The science behind these two studies is really complicated, but the upshot is that each group of researchers created lung damage in mice—fibrosis with preceding inflammation in one study, intense inflammation in the other—and then documented the preventive ability of two different neem treatments. In each case, damage was significantly less than expected.
One group used the cancer drug bleomycin—which has a high risk of causing fibrotic damage in patients’ lungs—to damage mouse lungs. This scarring disease is normally irreversible, continues to worsen and progressively destroy the lungs’ ability to deliver oxygen to the blood—and there is no way to stop it. Treatment in the study was a multifunctional neem compound called nimbolide that is extracted from neem leaves and blossoms. (This article was published in 2019 in the journal International Immunopharmacology.)
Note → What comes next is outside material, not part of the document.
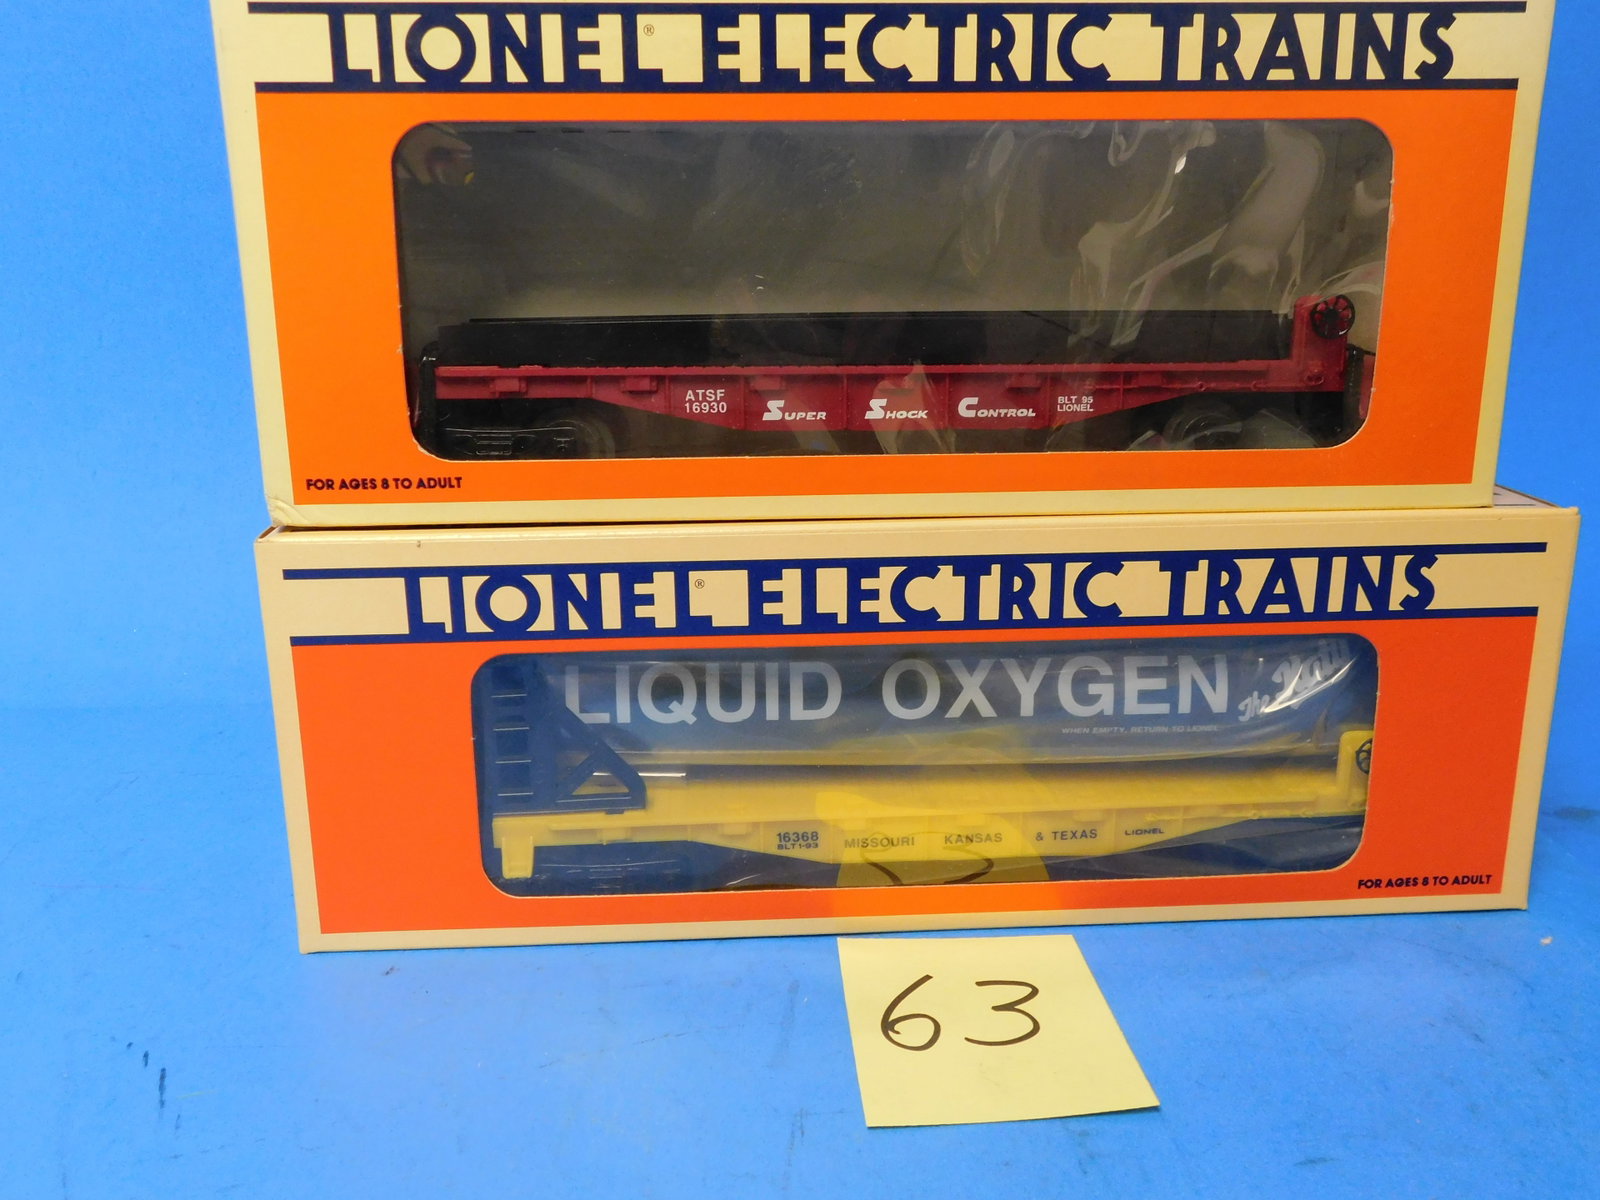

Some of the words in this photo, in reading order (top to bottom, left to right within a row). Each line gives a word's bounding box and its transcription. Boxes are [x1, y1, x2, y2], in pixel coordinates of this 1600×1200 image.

The other group combined two different irritants that each inflames the lungs—cigarette smoke plus a toxin called lipopolysaccharide found in the membranes of certain bacteria. This substantial inflammation also impairs the lungs’ ability to oxygenate the blood. These researchers created a treatment from the entire neem leaf, and compared the impact to the one drug that’s approved for the inflammatory lung disease COPD (chronic obstructive pulmonary disease). This study appeared in the 2017 International Journal of Molecular Medicine.)
Each research group discovered that neem treatment substantially reduced pulmonary damage. And they were also able to spell out in molecular detail exactly how neem achieved this. In each case, the neem treatment was able to reduce or eliminate the various substances and pathways that participate in creating the inflammation and in producing the fibrotic changes, which included stopping the inflammatory cells that would otherwise flood into the lungs.
And significantly less damage means significantly less harm to the lungs’ ability to do their work. In the COPD-related study, neem was also compared to the effects of the drug roflumilast, which is the only FDA-approved for severe COPD. Not only did neem leaf do a better job, it doesn’t have the serious physical and mental side effects that roflumilast has.
Bringing this back to COVID-19: When it comes to the intense lung inflammation and fibrosis that can occur, they are caused by many—if not all—of the same molecular elements and cells evaluated in these two studies.
So these studies expand the benefits that neem may hold in helping to tame COVID-19. Previously published reports have indicated that compounds in neem actually help prevent the spread of COVID-19, and now we’re waiting for the results of human trials—underway in India—to confirm that.